Collected data entries:

────────────────────────────────────────

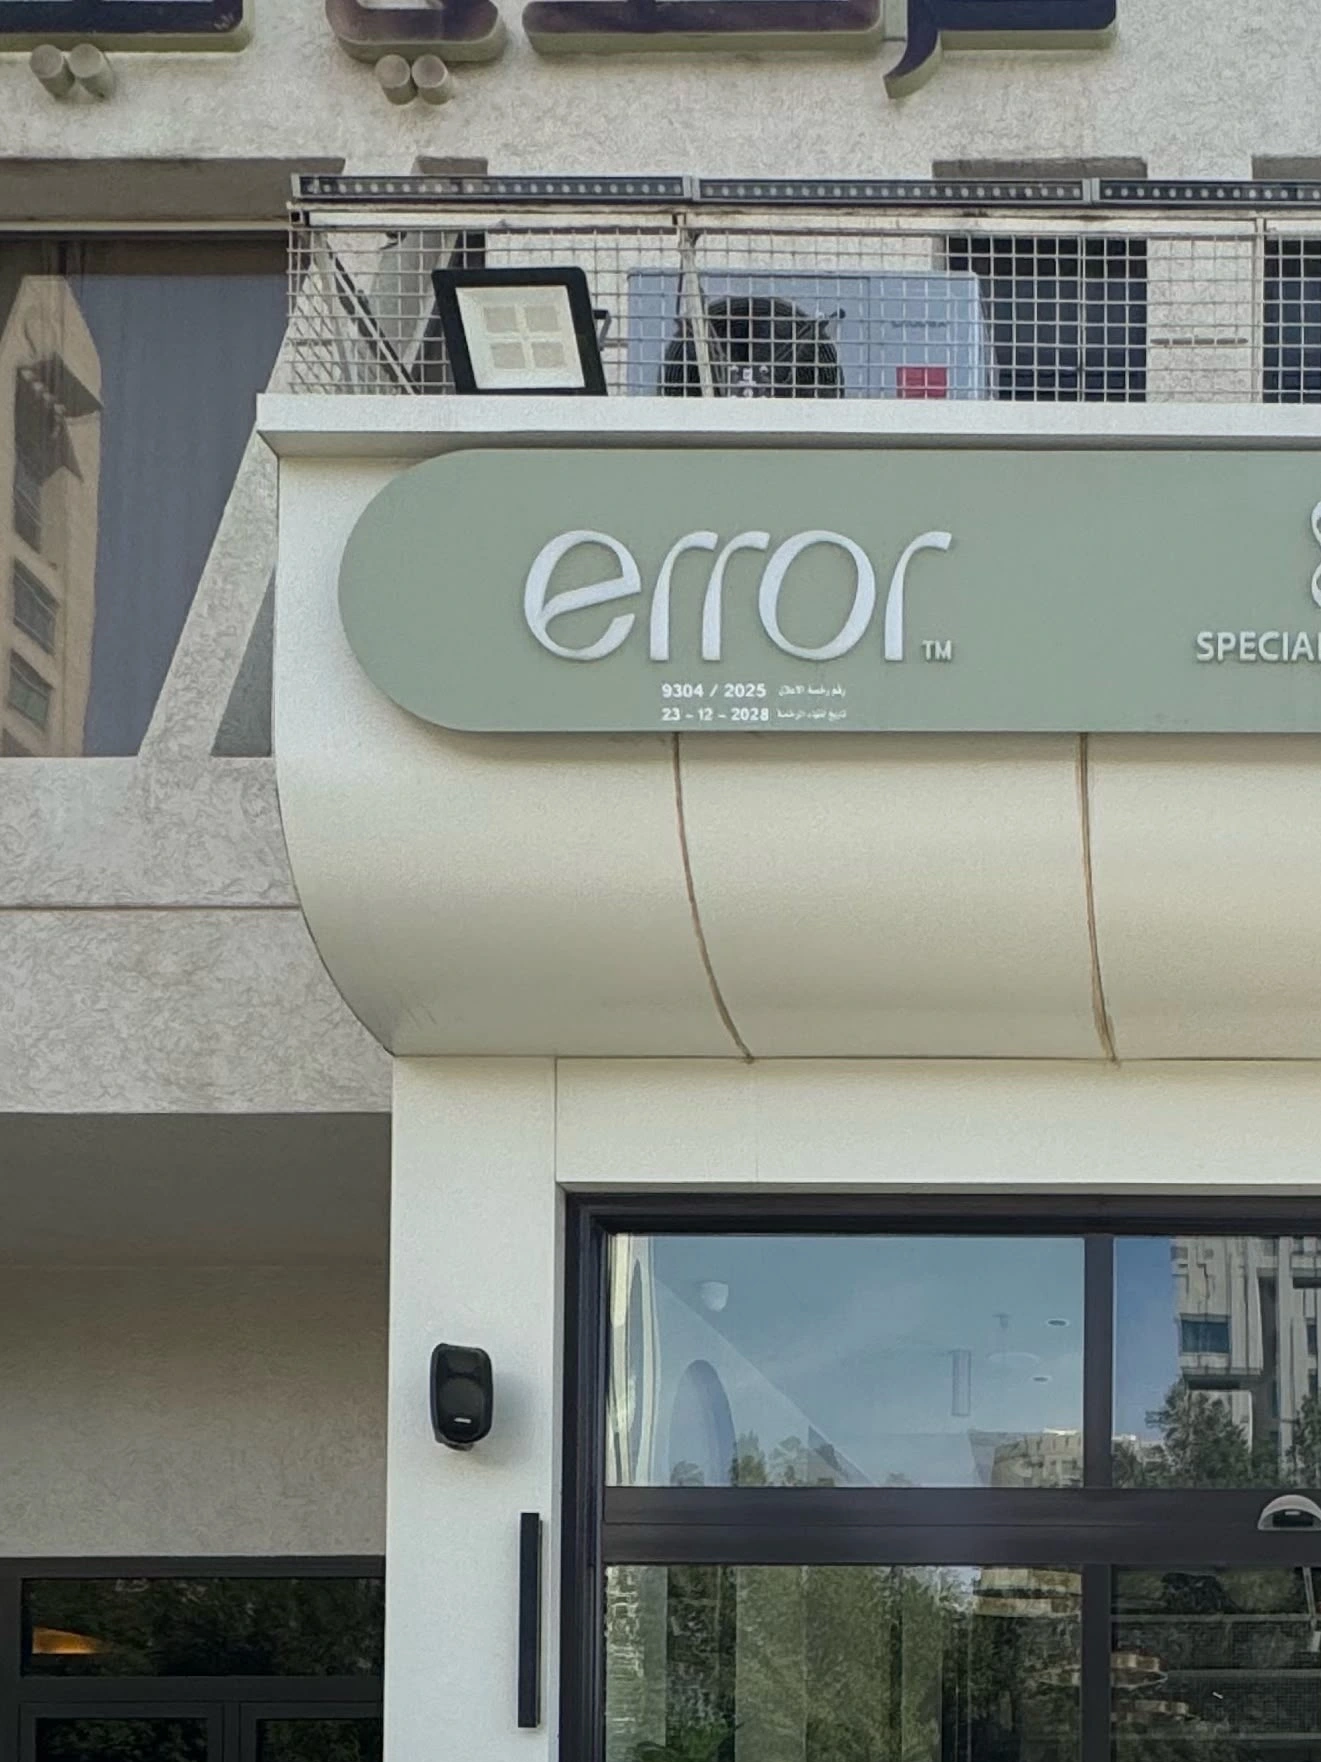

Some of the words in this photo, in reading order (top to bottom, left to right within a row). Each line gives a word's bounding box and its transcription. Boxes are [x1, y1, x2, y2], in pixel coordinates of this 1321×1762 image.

[523, 530, 952, 662] error
[923, 641, 952, 660] TM
[661, 683, 704, 698] 9304
[723, 683, 767, 698] 2025
[661, 707, 681, 721] 23
[698, 707, 713, 721] 12
[731, 707, 769, 721] 2028

────────────────────────────────────────

_TASK DETAILS:_ An exact copy of every entry, pictures left out, is what to write here.

_EXERCISE RESULT:_
Some of the words in this photo, in reading order (top to bottom, left to right within a row). Each line gives a word's bounding box and its transcription. Boxes are [x1, y1, x2, y2], in pixel coordinates of this 1321×1762 image.

[523, 530, 952, 662] error
[923, 641, 952, 660] TM
[661, 683, 704, 698] 9304
[723, 683, 767, 698] 2025
[661, 707, 681, 721] 23
[698, 707, 713, 721] 12
[731, 707, 769, 721] 2028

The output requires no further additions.